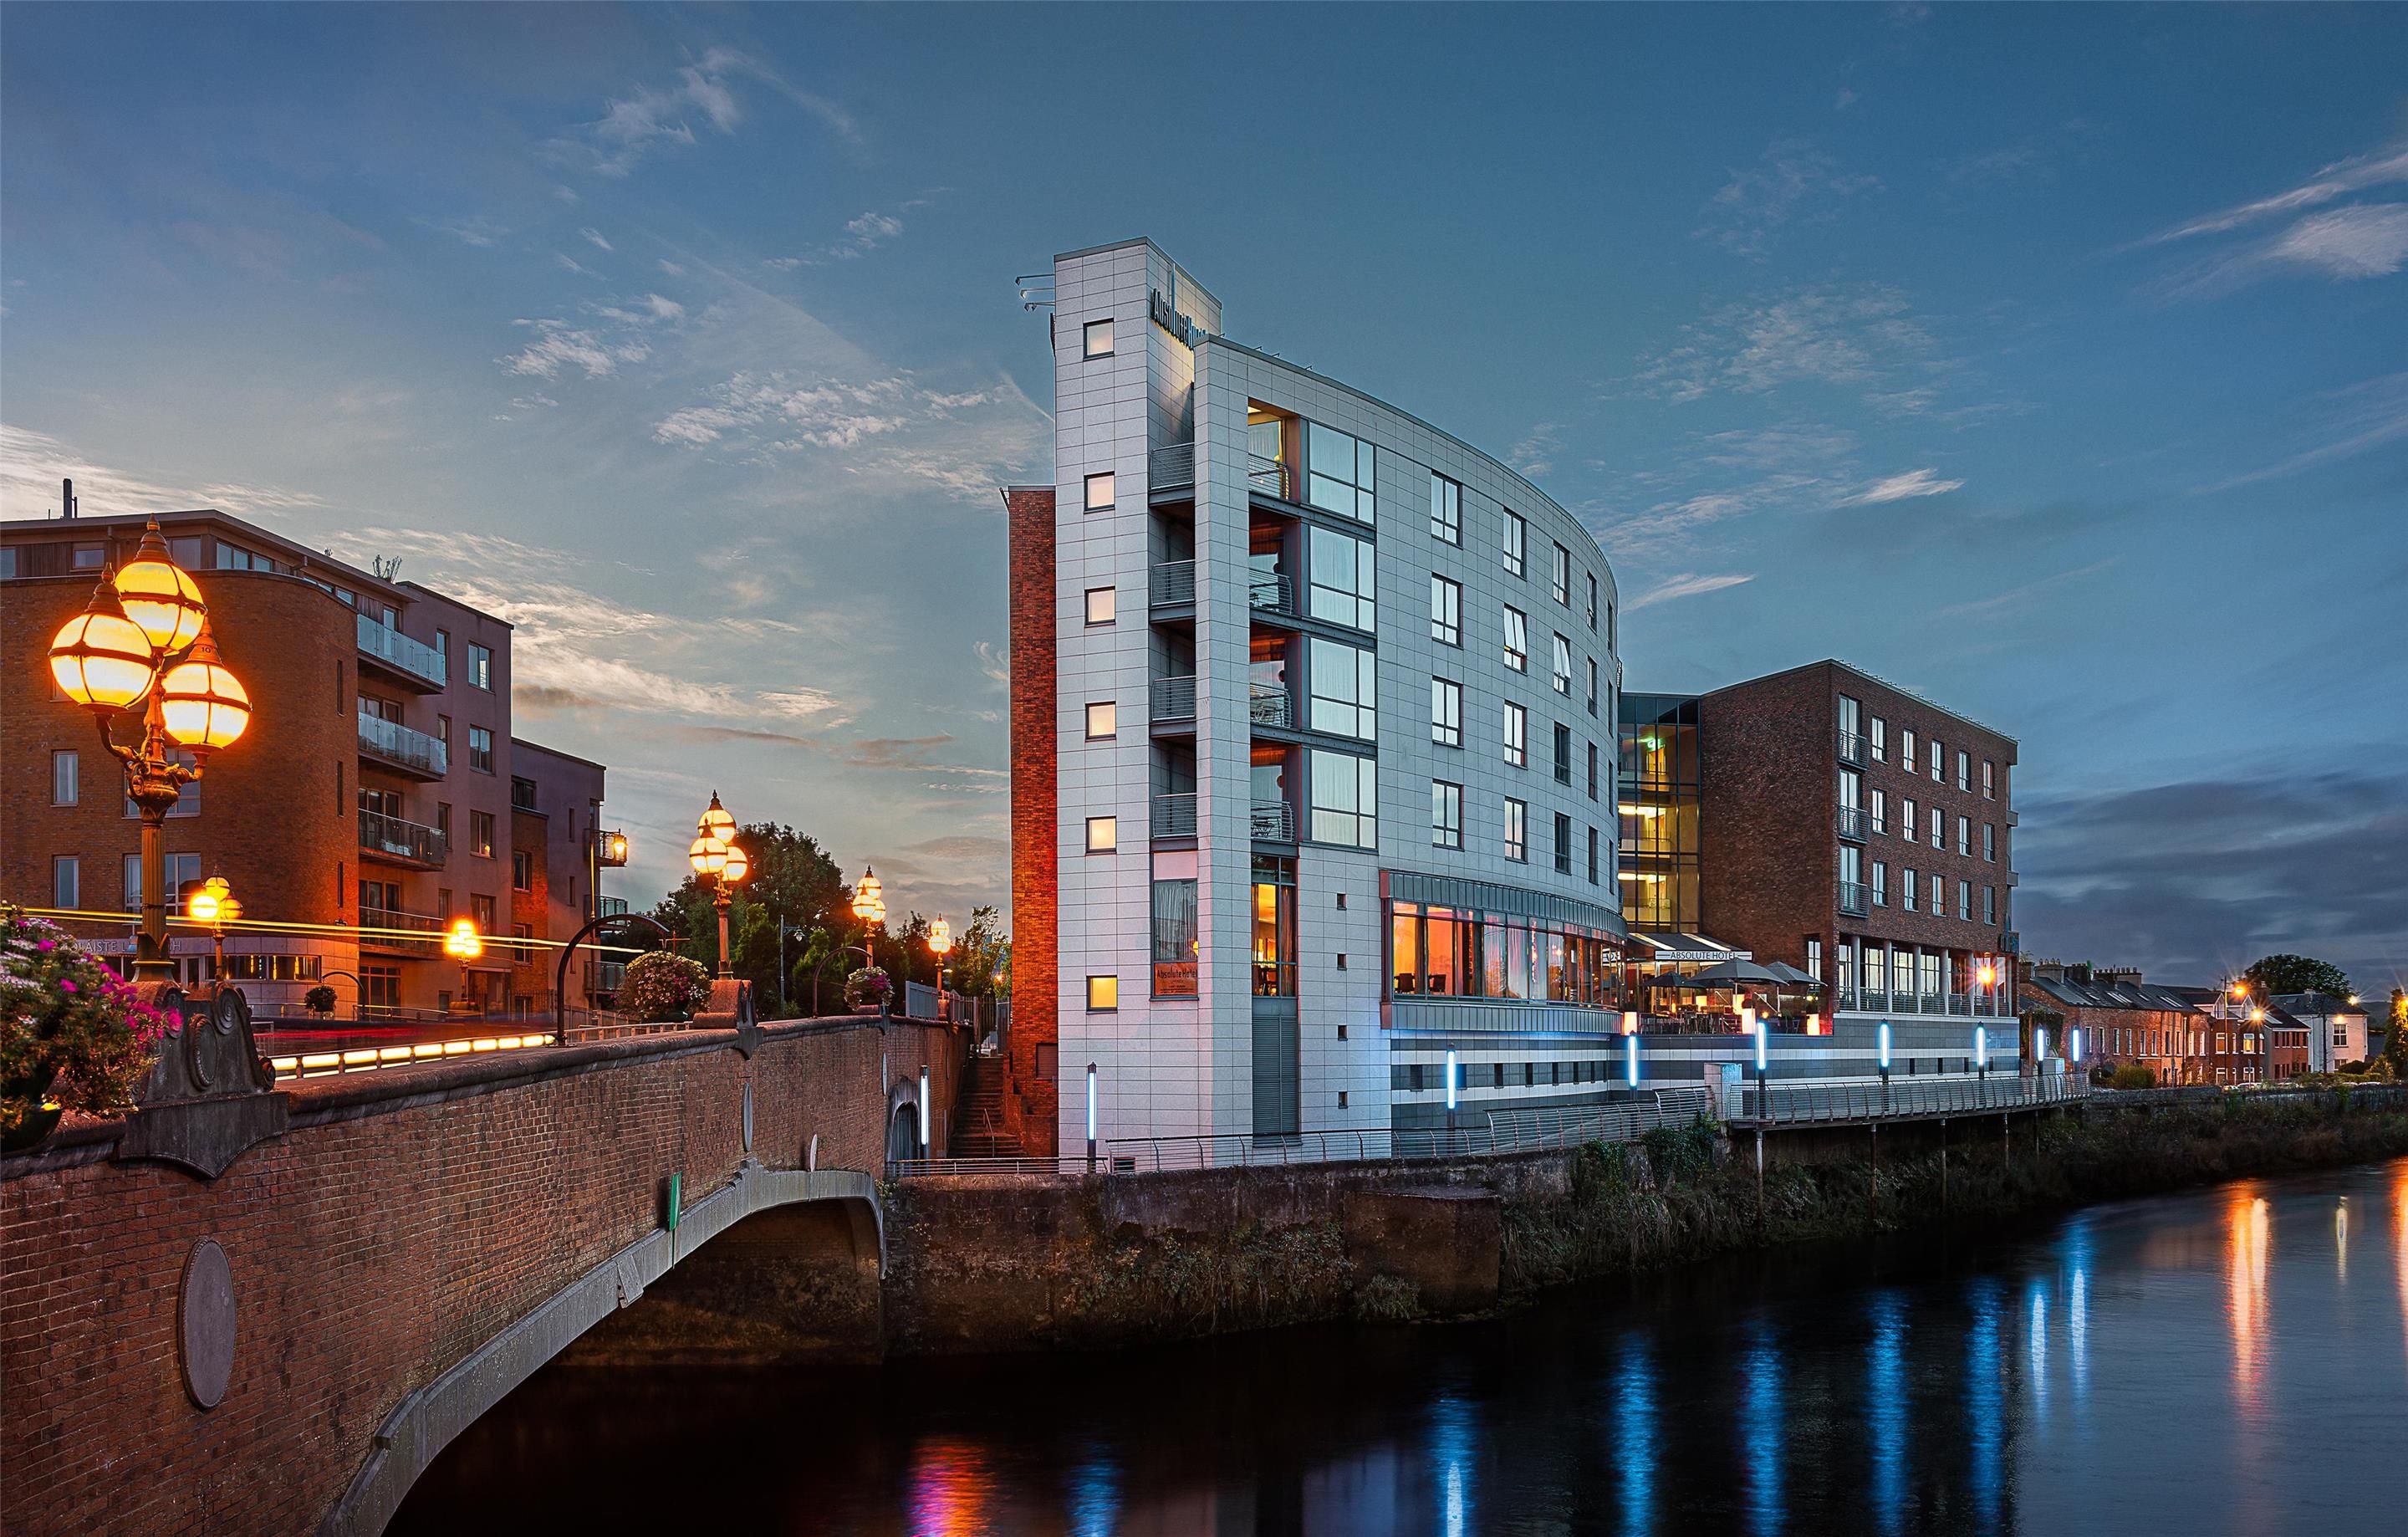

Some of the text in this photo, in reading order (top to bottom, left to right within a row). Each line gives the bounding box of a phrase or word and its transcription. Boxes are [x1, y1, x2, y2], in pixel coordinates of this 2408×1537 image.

[1671, 952, 1737, 960] ABSOLUTE HOTEL
[1157, 965, 1181, 978] Absolute
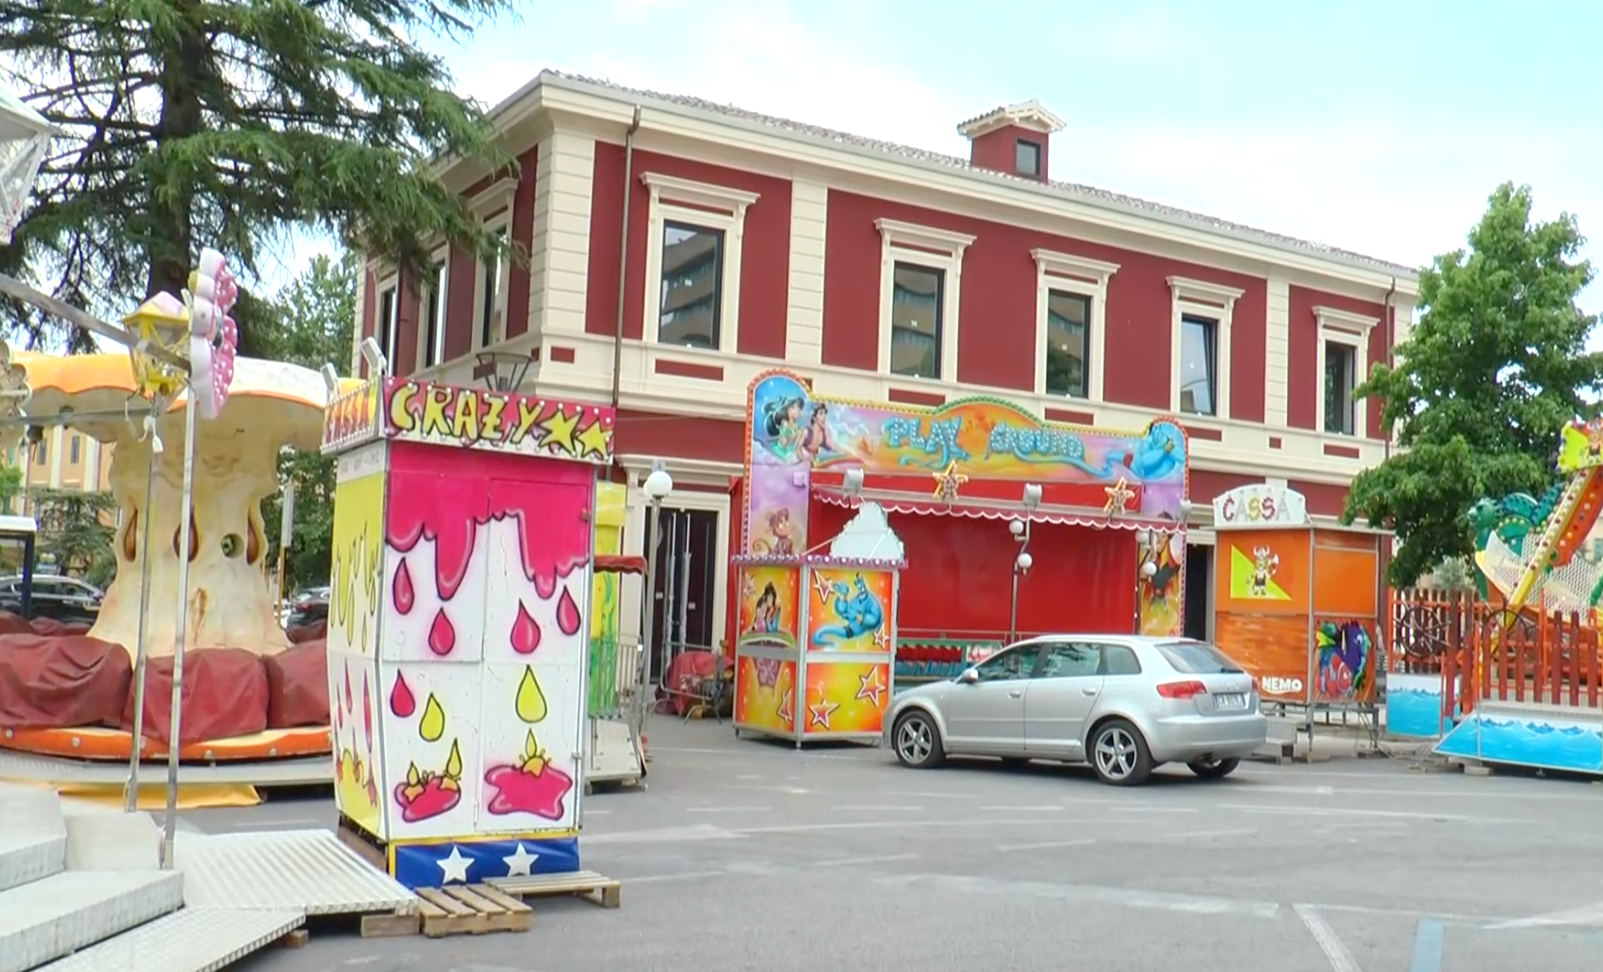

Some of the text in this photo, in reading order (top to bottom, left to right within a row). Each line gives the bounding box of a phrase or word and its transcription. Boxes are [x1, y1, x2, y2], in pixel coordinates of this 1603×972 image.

[390, 382, 545, 445] CRAZY
[880, 415, 1085, 461] PLAY GROUND
[1222, 496, 1290, 522] CASSA
[1261, 676, 1303, 694] NEMO
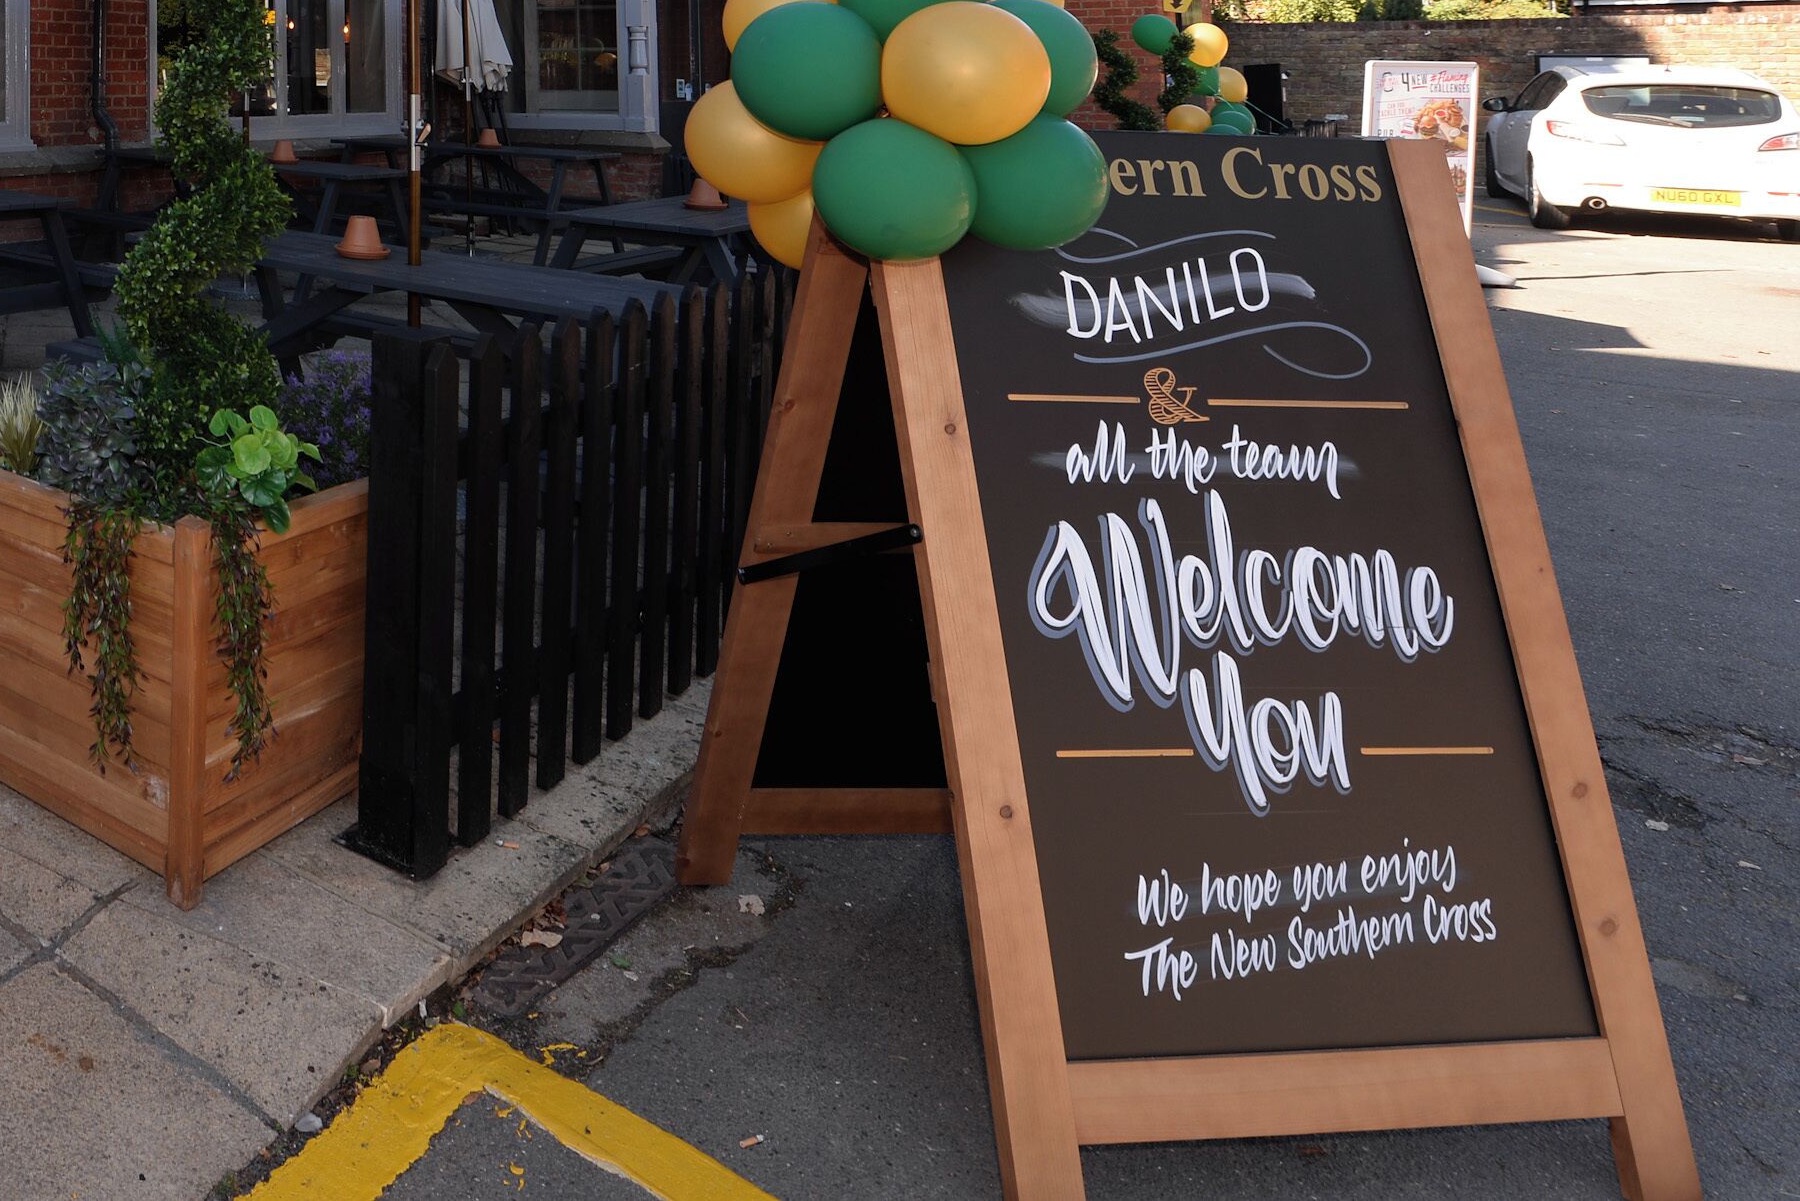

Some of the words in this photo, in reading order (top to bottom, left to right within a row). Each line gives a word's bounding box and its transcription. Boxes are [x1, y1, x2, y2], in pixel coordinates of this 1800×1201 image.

* * *

### [TASK BRIEF]
The whole listing must be transcribed exactly. No pictures belong in the copy.

### [EXERCISE RESULT]
Some of the text in this photo, in reading order (top to bottom, left to right within a row). Each line gives the bounding box of a phrase or word and its transcription. Boxes are [x1, y1, x2, y2], in pixel coordinates of this 2408×1537 image.

[1671, 952, 1737, 960] ABSOLUTE HOTEL
[1157, 965, 1181, 978] Absolute

Some of the text in this photo, in reading order (top to bottom, left to right within a row). Each line gives the bounding box of a phrase or word and its transcription. Boxes are [x1, y1, x2, y2], in pixel coordinates of this 1603×972 image.

[390, 382, 545, 445] CRAZY
[880, 415, 1085, 461] PLAY GROUND
[1222, 496, 1290, 522] CASSA
[1261, 676, 1303, 694] NEMO

Some of the words in this photo, in reading order (top to bottom, left to right within a row). Each line gives a word's bounding box and its transcription. Boxes are [x1, y1, x2, y2], in pixel coordinates of this 1800×1201 image.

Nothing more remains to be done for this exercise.